Ollie asked, “What exactly happened to your mother, Lucy?”
“She was struck straight on by a drunk driver. My grandparents were in the car behind her.”
Savich said, “If your grandmother had only had the ring with her, she could have saved your mother? How could a ring stop a drunk driver from hitting your mother’s car? Did your grandfather’s letter tell you what those supposed powers were?”
“He wrote I wouldn’t believe him if he did.”
And then, of course, Savich asked the most important question of all. “Do you have any idea now what those powers are?”
As far as I can tell, I see absolutely nothing at all special about the ring. Or, if there is, I can’t figure it out. Believe me, I’ve tried to find out why anyone would want this ring badly enough to want to kill me for it.

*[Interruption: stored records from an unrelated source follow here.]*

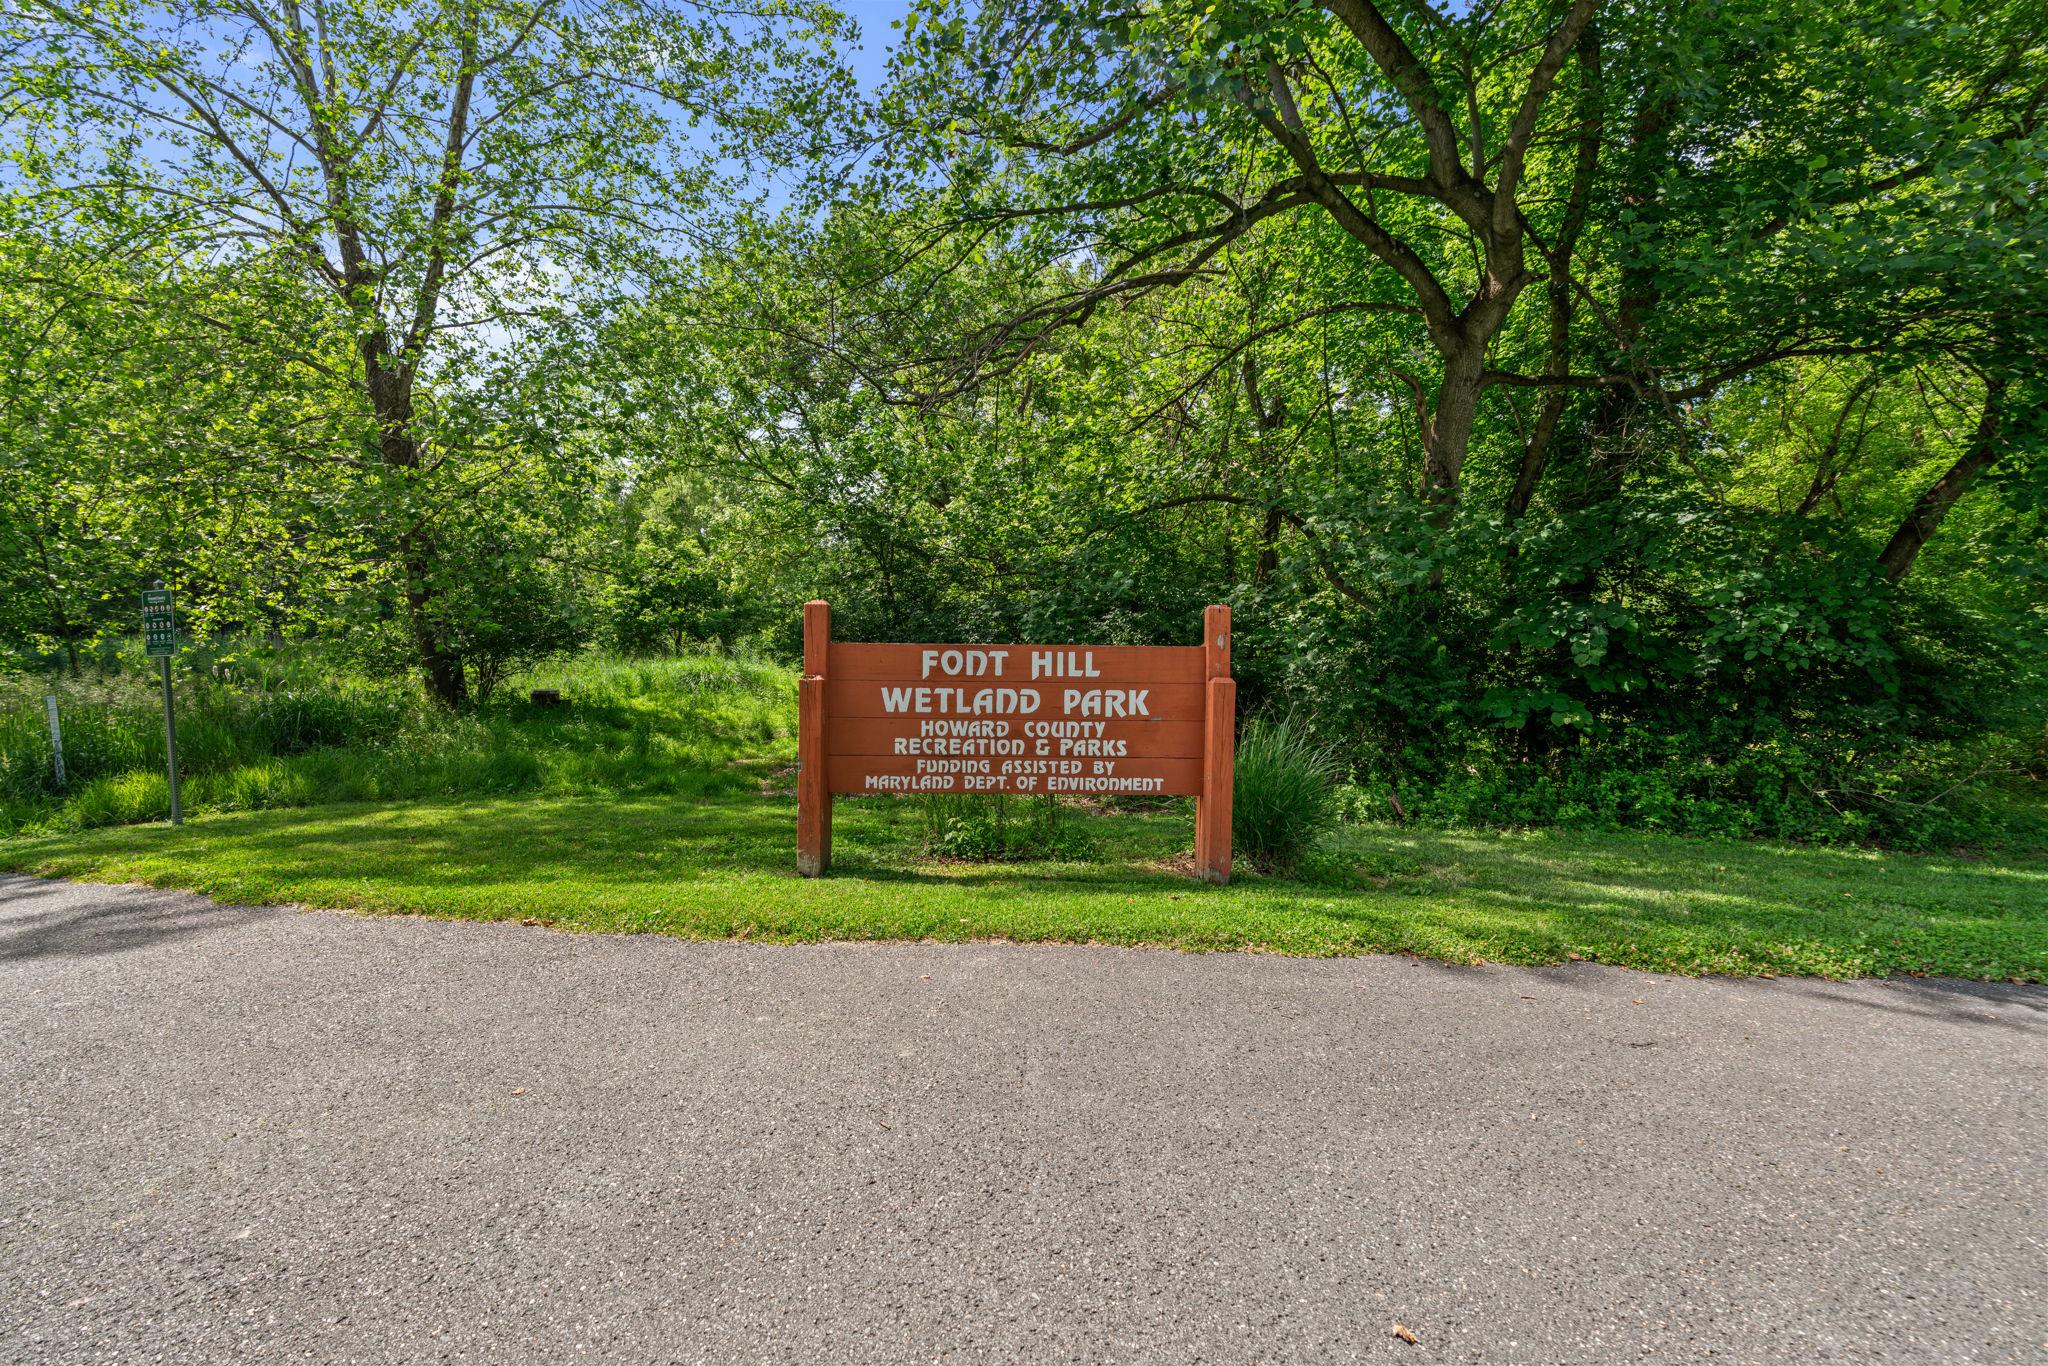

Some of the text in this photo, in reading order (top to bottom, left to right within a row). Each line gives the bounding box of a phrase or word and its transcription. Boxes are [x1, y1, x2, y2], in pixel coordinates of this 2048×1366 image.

[923, 650, 1100, 680] FONT HILL
[881, 687, 1149, 717] WETLAND PARK
[920, 720, 1105, 738] HOWARD COUNTY
[895, 738, 1127, 756] RECREATION & PARKS
[917, 760, 1115, 776] FUNDING ASSISTED BY
[866, 776, 1163, 791] MARYLAND DEPT. OF ENVIRONMENT

Lucy wished she could say that whopping lie out loud, but she couldn’t bring herself to do it. She looked at him, mute for a moment, white as her shirt, the purple bruise on her jaw in stark relief. She said slowly, trying to lie clean, “No, I have no idea why the ring is so special. As I said, my grandfather didn’t tell me because he said I wouldn’t believe him. But someone believes the ring has some sort of power, and that someone believes he may know what it is.”

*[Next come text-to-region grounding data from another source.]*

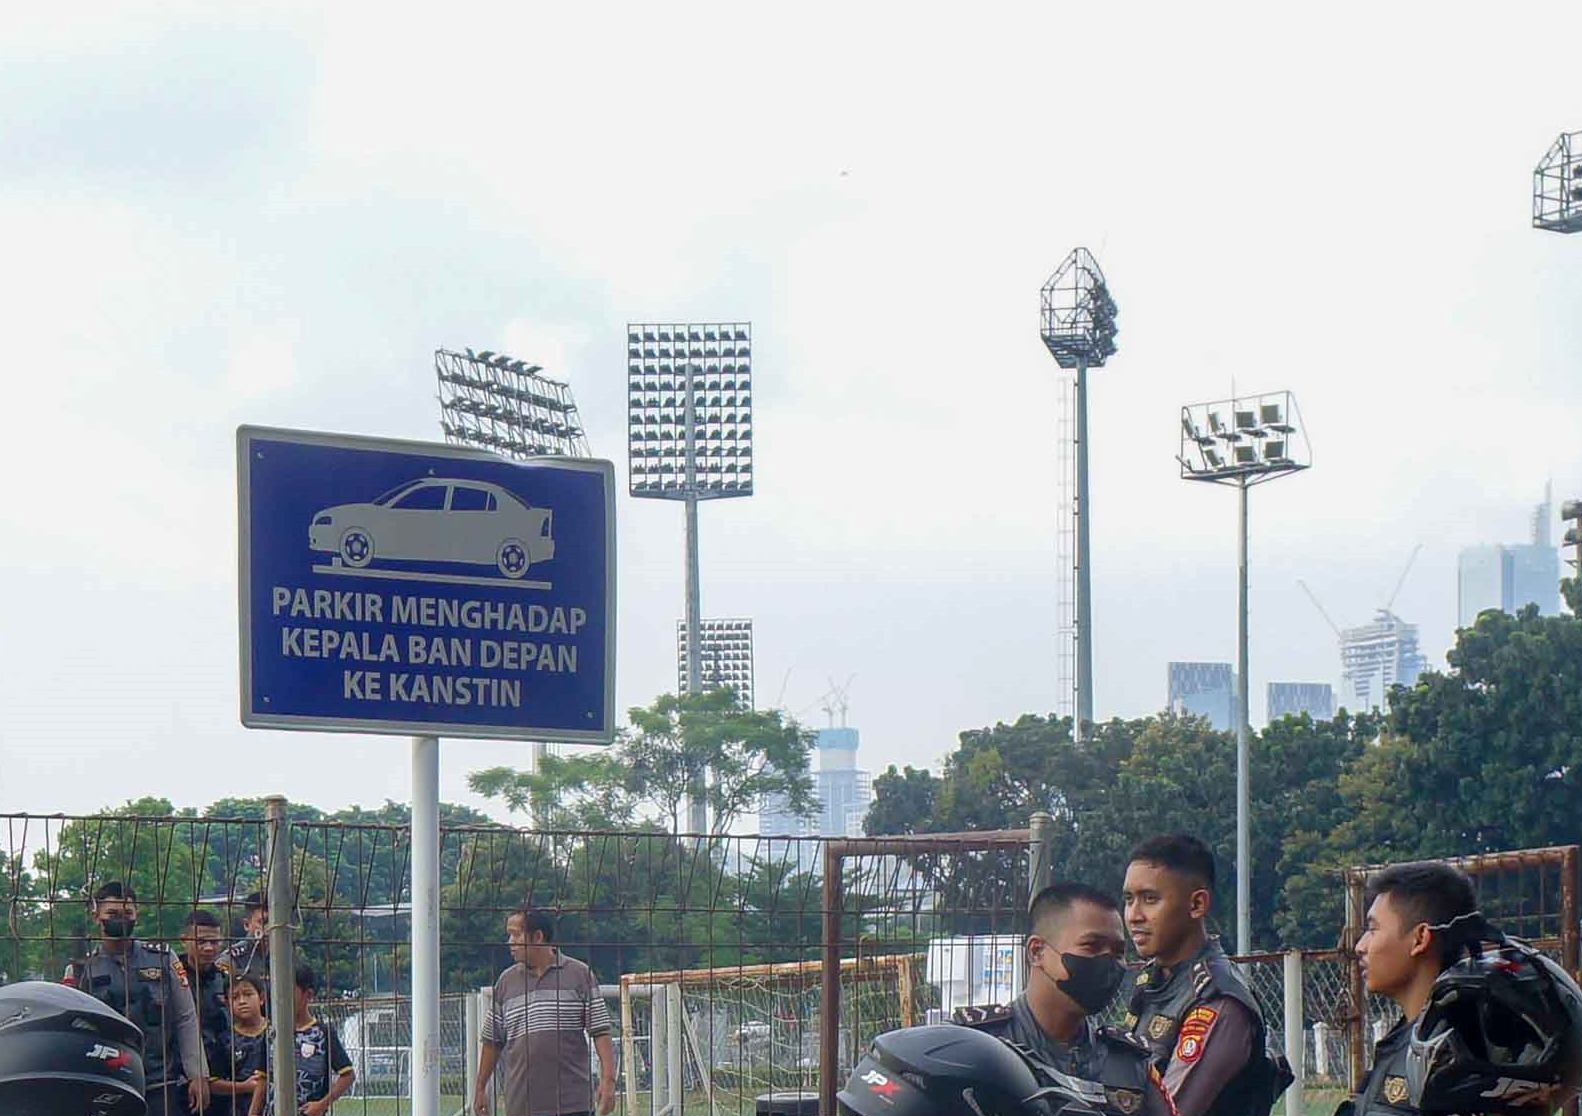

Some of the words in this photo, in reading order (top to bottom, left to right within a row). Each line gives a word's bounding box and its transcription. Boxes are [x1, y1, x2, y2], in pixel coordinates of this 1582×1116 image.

[272, 587, 383, 623] PARKIR
[391, 596, 587, 635] MENGHADAP
[281, 628, 400, 662] KEPALA
[408, 635, 472, 667] BAN
[480, 640, 577, 673] DEPAN
[343, 670, 381, 701] KE
[389, 673, 521, 708] KANSTIN
[861, 1070, 901, 1094] JPX

She knows, of course, and it scares her to her heels, Savich thought, but he only nodded. He didn’t expect her to say any more, and she didn’t. Maybe she couldn’t; maybe she was forbidden to. He shook his head at himself. His imagination was running away with him. He said, “Lucy’s right. Someone thinks he knows what the ring can do, and it’s worth killing for. Do you still wear it around your neck?”
She nodded.
“May we see it?”
Slowly, Lucy pulled the gold chain out of her shirt, the ring threaded through it. Every eye in the room went to it, as if pulled by an invisible wire. She took the ring from the chain and handed it to him.
Savich rolled it around in his palm and passed it to Dane to look at. He said, “You’ll see there’s that single Welsh word etched into it—SEFYLL—it means to stop moving, to become stationary.”

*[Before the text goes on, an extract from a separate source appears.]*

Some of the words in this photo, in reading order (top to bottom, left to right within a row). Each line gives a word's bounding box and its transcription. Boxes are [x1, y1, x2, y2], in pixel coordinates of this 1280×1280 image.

“Stop moving what?” Ollie said.
“I don’t know,” Lucy said.
Dane said the word aloud, and again, her heart seized for a moment, but nothing happened. All the agents had to repeat the word, and some of them got it close. Ruth said it right on the button. Lucy jerked, couldn’t help it, and she knew Savich saw it. As for Coop, he held her hand and said nothing at all.
Lucy took the ring back from Ollie, slid it onto the gold chain, and slipped it inside her shirt. All of them looked at the small bulge where the ring lay warm against her flesh.
“Your relatives,” Ruth said, “the Silvermans. They all know about the ring?”
“They denied even knowing about the ring; they didn’t show any interest when I told them last night. I know they have to be our first suspects, given what’s happened, but it’s hard to accept that. I grew up with them in my life, and they’re the only family I have left.” She looked around the conference table as she spoke.
Families, Savich thought. They were the very devil, if you wanted to be objective. “Lucy, I know how hard this is for you, but you need to keep an open mind. Now, you’re butt-deep in the swamp here. I want you to stick with Coop. Consider him another pair of jeans.”
Lucy saw Coop’s pants lying on the floor next to her bed, saw that Coop was grinning at her. She said, her voice cool, “I think that’s an excellent idea.”